The beauty of a Message House is that it works whether you’re communicating with customers, investors, employees, or the public. The roof stays the same; only the pillars and foundation adapt based on audience.
When to use it
Use the Message House when:
- You need to establish the foundational messaging strategy for a brand, product, or campaign
- Multiple teams or spokespeople need to stay aligned on key communications
- You’re integrating complex narratives with multiple supporting arguments
- You need a framework that can be taught quickly to new team members
- You want a visual tool that makes messaging hierarchy immediately clear
Don’t use the Message House when:
- You need very granular, audience-specific messaging (use Key Messages Grid instead)

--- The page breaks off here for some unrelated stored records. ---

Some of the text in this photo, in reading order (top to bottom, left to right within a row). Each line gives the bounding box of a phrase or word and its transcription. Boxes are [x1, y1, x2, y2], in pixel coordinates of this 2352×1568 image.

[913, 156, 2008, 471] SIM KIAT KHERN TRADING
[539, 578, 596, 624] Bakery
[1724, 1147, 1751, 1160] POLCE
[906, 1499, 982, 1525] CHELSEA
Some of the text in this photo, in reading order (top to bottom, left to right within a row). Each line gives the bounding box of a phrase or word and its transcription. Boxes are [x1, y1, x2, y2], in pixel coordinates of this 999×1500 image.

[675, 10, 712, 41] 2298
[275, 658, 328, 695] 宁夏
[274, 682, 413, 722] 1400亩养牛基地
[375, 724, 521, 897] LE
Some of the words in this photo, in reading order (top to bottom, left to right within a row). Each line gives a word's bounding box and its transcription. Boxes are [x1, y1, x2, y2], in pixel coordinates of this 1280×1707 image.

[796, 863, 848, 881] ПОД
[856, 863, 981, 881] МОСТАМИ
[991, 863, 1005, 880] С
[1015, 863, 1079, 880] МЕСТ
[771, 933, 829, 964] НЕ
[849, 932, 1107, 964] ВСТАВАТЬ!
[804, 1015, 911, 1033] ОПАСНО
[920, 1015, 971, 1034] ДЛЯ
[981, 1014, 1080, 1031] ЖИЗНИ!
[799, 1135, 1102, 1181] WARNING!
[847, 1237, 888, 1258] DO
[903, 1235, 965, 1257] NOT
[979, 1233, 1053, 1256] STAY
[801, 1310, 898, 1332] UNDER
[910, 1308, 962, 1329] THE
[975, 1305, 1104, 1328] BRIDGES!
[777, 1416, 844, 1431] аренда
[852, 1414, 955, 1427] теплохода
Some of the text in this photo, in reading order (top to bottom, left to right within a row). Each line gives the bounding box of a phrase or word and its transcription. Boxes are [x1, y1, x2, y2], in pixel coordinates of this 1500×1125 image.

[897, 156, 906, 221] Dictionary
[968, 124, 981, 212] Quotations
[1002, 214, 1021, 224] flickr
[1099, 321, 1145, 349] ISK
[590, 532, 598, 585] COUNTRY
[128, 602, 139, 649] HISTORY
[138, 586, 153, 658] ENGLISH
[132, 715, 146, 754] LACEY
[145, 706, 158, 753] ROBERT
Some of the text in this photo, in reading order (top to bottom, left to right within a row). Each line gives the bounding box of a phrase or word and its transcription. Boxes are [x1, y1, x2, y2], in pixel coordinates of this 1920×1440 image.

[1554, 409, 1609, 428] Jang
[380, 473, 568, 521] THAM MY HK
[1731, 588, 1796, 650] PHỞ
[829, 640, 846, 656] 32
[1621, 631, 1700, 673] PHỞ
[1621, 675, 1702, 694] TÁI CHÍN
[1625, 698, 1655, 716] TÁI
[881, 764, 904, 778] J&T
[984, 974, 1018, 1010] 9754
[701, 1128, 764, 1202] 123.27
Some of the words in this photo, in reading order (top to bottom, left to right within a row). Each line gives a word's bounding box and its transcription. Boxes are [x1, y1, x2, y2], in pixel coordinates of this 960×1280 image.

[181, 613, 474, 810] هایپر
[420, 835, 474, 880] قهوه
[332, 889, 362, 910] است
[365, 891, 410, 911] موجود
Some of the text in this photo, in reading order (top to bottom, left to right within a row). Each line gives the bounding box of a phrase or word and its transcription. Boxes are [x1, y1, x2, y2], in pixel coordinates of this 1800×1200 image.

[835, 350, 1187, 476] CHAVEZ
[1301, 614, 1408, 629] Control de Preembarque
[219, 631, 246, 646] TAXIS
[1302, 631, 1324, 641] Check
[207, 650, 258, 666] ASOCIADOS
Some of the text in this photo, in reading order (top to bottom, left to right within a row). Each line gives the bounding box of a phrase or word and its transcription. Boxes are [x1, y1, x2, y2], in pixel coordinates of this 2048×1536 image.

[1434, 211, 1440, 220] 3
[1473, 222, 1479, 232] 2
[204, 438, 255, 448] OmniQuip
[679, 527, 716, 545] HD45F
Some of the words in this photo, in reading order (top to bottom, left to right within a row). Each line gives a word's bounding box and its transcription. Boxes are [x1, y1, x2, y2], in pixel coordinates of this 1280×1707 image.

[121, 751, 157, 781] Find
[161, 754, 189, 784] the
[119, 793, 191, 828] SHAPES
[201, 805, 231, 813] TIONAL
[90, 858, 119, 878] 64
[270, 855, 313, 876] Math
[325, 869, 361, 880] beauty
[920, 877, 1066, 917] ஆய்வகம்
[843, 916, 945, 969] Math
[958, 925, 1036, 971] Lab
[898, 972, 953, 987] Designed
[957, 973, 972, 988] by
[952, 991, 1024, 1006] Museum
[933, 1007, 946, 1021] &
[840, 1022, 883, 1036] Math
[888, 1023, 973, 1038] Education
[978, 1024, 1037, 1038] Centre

- You’re creating detailed Q&A for specific channels (use FAQ Builder)
- You only have one simple message to communicate (it’s overkill for single-point campaigns)
- You’re building counter-narratives (use Myth vs Fact Sheet)
Inputs needed
Before you start, gather:
- A clear statement of what you’re communicating about (product launch, organisational rebrand, campaign)
- Your core positioning or desired perception
- Three key areas of benefit, differentiation, or support
- Supporting evidence, data points, testimonials, or case studies for each pillar
- Information about your primary audience and their priorities
The template
┌─────────────────────────────────────────────────┐
│ │
│ THE ROOF │
│ [Core Positioning Message] │
│ (What you want to be known for) │
│ │
└──────────┬──────────────┬──────────────┬────────┘
│ │ │
┌───┴───┐ ┌───┴───┐ ┌────┴────┐
│PILLAR │ │PILLAR │ │ PILLAR │
│ ONE │ │ TWO │ │ THREE │
│ │ │ │ │ │
│Key │ │Key │ │Key │
│Point │ │Point │ │Point │
└───┬───┘ └───┬───┘ └────┬────┘
│ │ │
┌──────┴─────┬────────┴─────┬───────┴──────┐
│ │ │ │
┌───┴──┐ ┌──────┴──┐ ┌────────┴─┐ ┌──────┬──┐ │
│Proof │ │Proof │ │Proof │ │Proof │ │ │
│Point │ │Point │ │Point │ │Point │ │ │
└──────┘ └─────────┘ └─────────┘ └──────┴──┘ │
│ FOUNDATION │
│ (Evidence, Data, Research) │
└─────────────────────────────────────────────┘
Your Message House Structure
THE ROOF (Core Positioning)
- Single, clear, memorable statement
- 8-15 words maximum
- What you want to be known for above all else
- Example: “Leading the industry shift toward sustainable manufacturing”
PILLAR ONE: [Pillar Name]
- Key supporting argument or benefit area
- 1-2 sentence explanation
- Proof points: [3-4 supporting facts/stories]
PILLAR TWO: [Pillar Name]
- Key supporting argument or benefit area
- 1-2 sentence explanation
- Proof points: [3-4 supporting facts/stories]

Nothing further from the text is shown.